Aqueles que procuram nossos portais estão em busca de ampliar seus horizontes espirituais e pessoais.
Deparam-se, ao entrarem na Ordem, com um dos mais formidáveis mananciais de cultura mística já reunido ao longo de centenas de anos. Este manancial de informações é o corpo de doutrina rosacruz, a soma de todos os nossos conhecimentos. Óbvio, este conjunto de informações é imenso e somente depois de alguns anos poderão falar com alguma segurança uma linguagem rosacruz propriamente dita. Ora, neste meio tempo, estes frateres e sorores recém chegados a Ordem só poderão conversar em suas próprias línguas de origem, até que, pouco a pouco, vão sendo iniciados nos segredos mais profundos, e vão naturalmente se transformando em verdadeiros rosacruzes. Alguém, na minha opinião, que chegue a Ordem sem essa bagagem espiritual anterior teria mais dificuldade de fazer esta transição, porque uma base espiritualista é necessária, seja ela qual for , para dar a partida nas transformações necessárias que levarão o homem chumbo ao homem ouro.
É claro que a mesma bagagem que fornece um estofo inicial para o processo iniciático também é um entrave a este mesmo processo, mas a depuração deve ser gradual, nunca brusca.
Os processos de cada indivíduo são diferentes, personalizados , e por isso, em cada corpo afiliado, constataremos a existência de um sem número de frateres e sorores simultaneamente em processo de depuração alquímica, relacionando-se em ambiente em princípio fraterno, protegidos pela egrégora. É por isso, que embora raras vezes, eventualmente surgem algumas rusgas que devem ser contornadas, dentro da maior liberdade possível e na mais ampla tolerância.

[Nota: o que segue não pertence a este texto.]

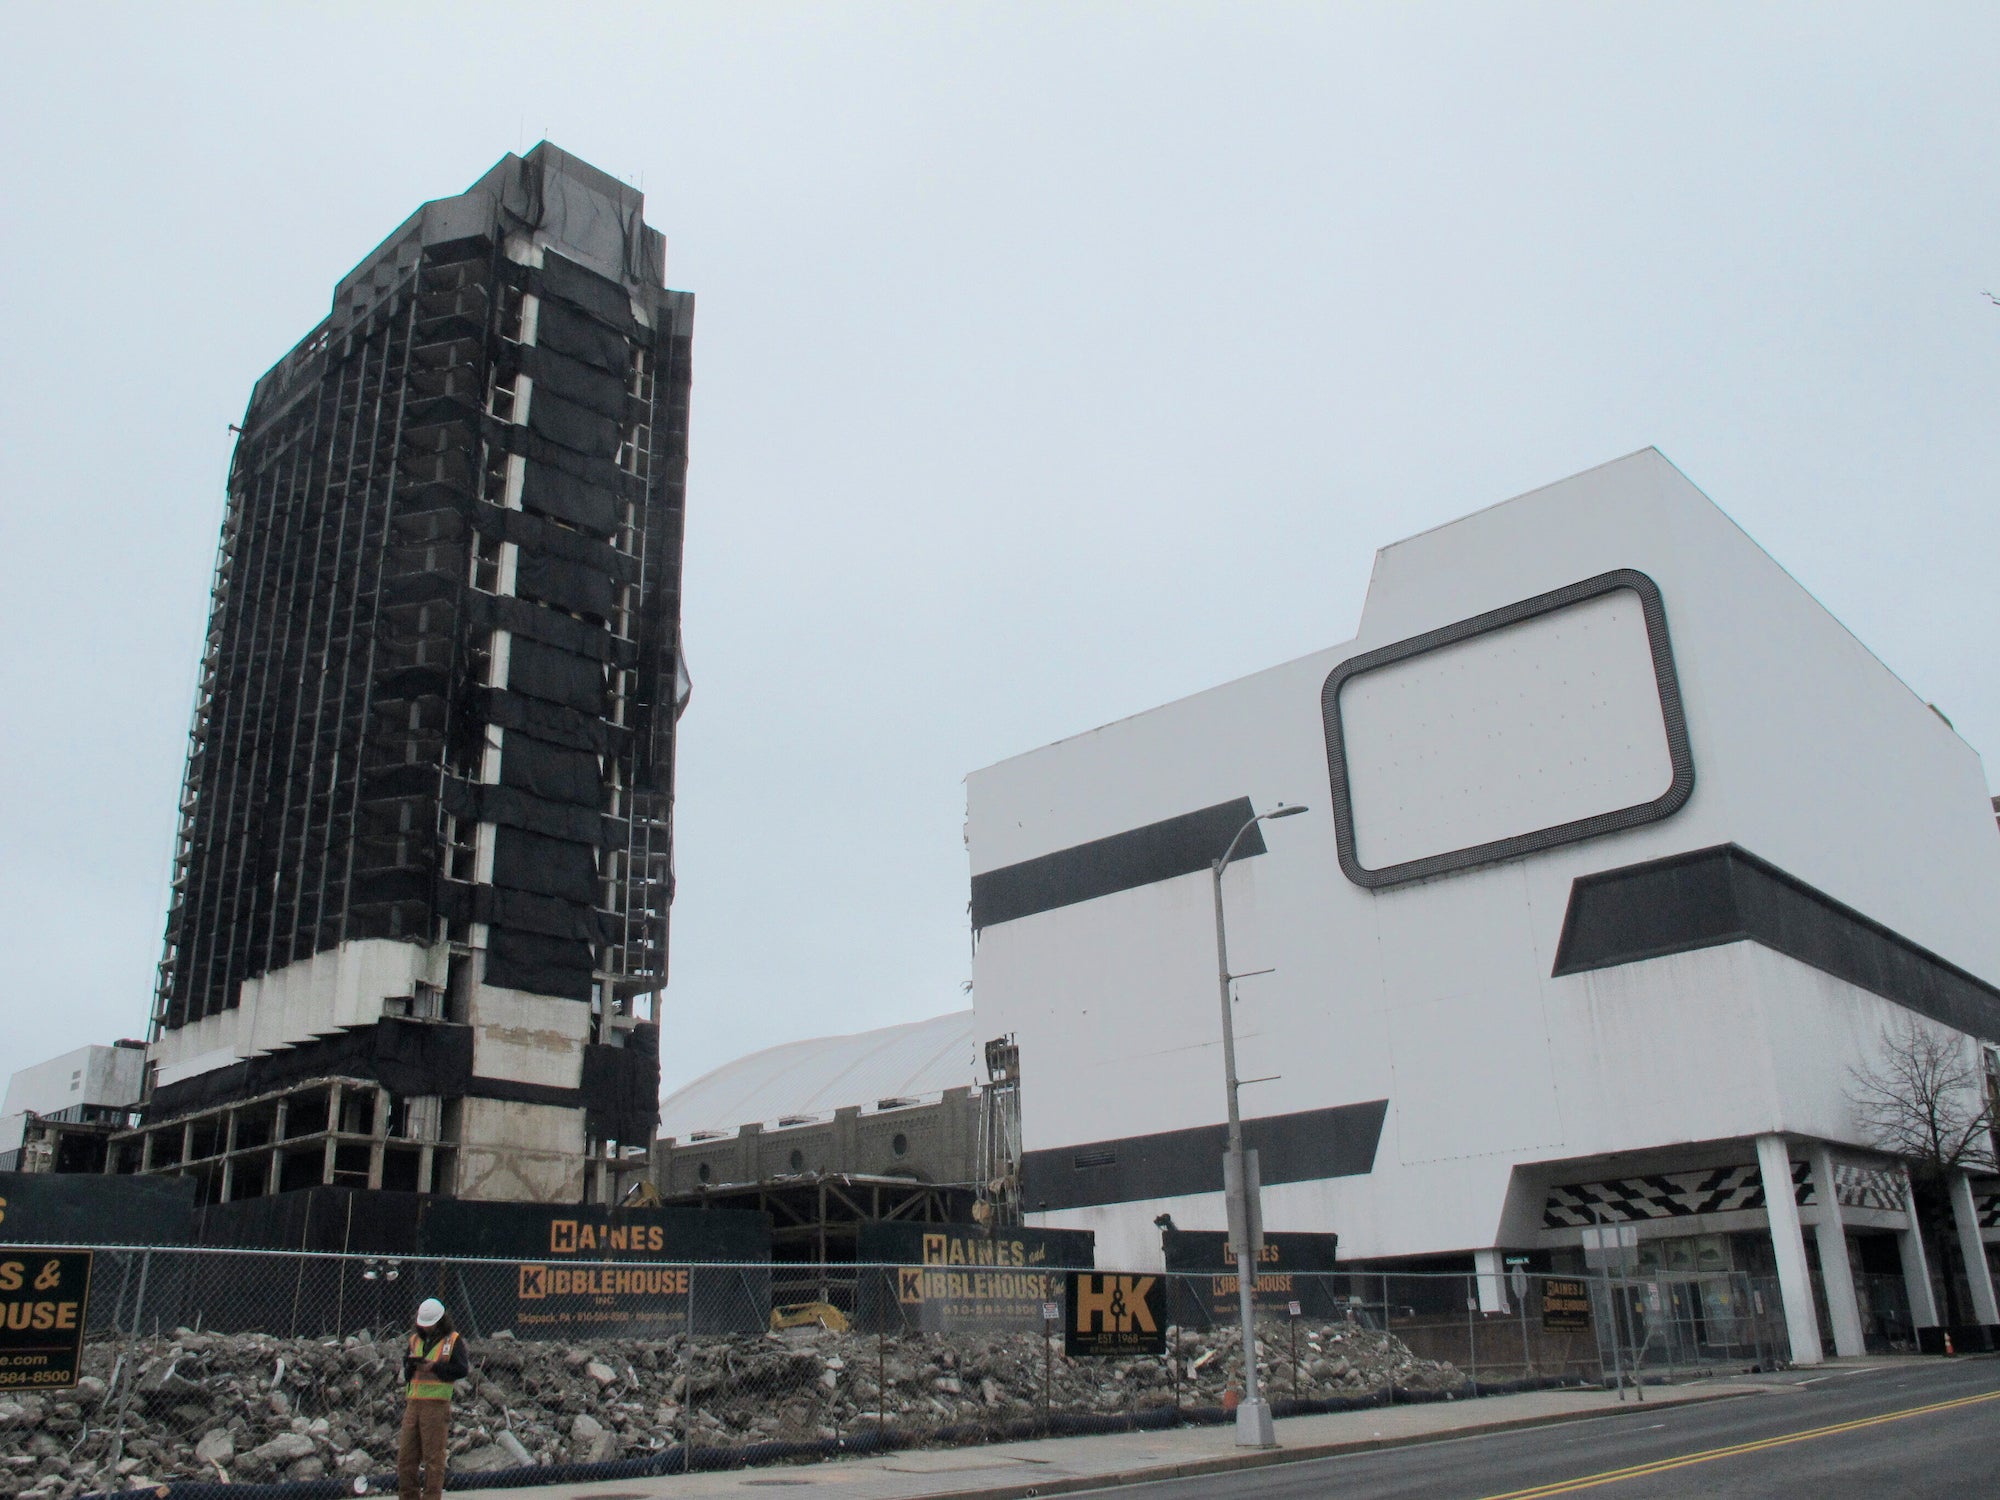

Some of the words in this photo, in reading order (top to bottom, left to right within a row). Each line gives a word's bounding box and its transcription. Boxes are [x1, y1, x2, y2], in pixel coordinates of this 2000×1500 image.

[551, 1220, 664, 1252] HAINES
[923, 1234, 1025, 1266] HAINES
[34, 1259, 61, 1290] &
[519, 1265, 688, 1298] KIBBLEHOUSE
[899, 1268, 1048, 1303] KIBBLEHOUSE
[1077, 1274, 1157, 1333] H&K
[1117, 1334, 1139, 1344] 1968

Frater Marcelo: Entendo. Fases de evolução diferentes, personalidades heterogêneas em relacionamento, em ambiente de tolerância. Eu compreendo isto, mas o que me chama atenção é que pessoas de níveis mais altos da Ordem, ou seja, aqueles que já não são neófitos, ainda arrastem consigo valores que não são essencialmente rosacruzes como uma certa aversão à prosperidade, uma espécie de culto a simplicidade física como base da espiritualidade, etc, que são características de outras linhas de pensamento que não a nossa.
Bernardo: Concordo. Só que a nossa interpretação continua sendo a mesma que Bernardo defendeu há pouco: pessoas diferentes em diferentes fases de evolução. O fato de terem anos de Ordem não lhes dá automaticamente a capacidade de serem chamados de rosacruzes , digamos assim, ortodoxos, embora este termo seja bastante inadequado. No momento vou usá-lo porque se ajusta a sua ponderação. Veja, frater, é esta riqueza de caracteres que temos dentro de nossa Ordem que garante a sua complexidade. E se não formos capazes de vivermos em meio à heterogeneidade humana não seremos rosacruzes verdadeiramente.
Frater Marcelo: Entendo.
Comenius: Por outro lado, não há dúvida que a falta de clareza quanto aos princípios rosacruzes pode ser conseqüência de um estudo deficiente de nossas monografias. Esta possibilidade não podemos de forma alguma afastar. Eu não digo que todos nós sejamos absolutamente rígidos com nossos estudos e que tenhamos estudado de maneira disciplinada todas as inúmeras monografias que recebemos, mas com certeza muitos de nós não chegaram nem perto do básico. Pela falta de conhecimento doutrinário específico rosacruciano, acabam criando um discurso híbrido, permeado de princípios rosacruzes misturados com suas próprias convicções religiosas ou filosóficas, em suma, um monstrengo que nada tem a ver com o rosacrucianismo verdadeiro.
Muitos , por ter habilidade e influência, falam sobre estes assuntos com muita autoridade, dando a impressão que seus comentários refletem posições oficiais da Ordem.
Isto é grave, mas eu pergunto: como evitar tal coisa? Só um ambiente facista pode ter a ilusão de tentar controlar pensamentos, palavras e condutas.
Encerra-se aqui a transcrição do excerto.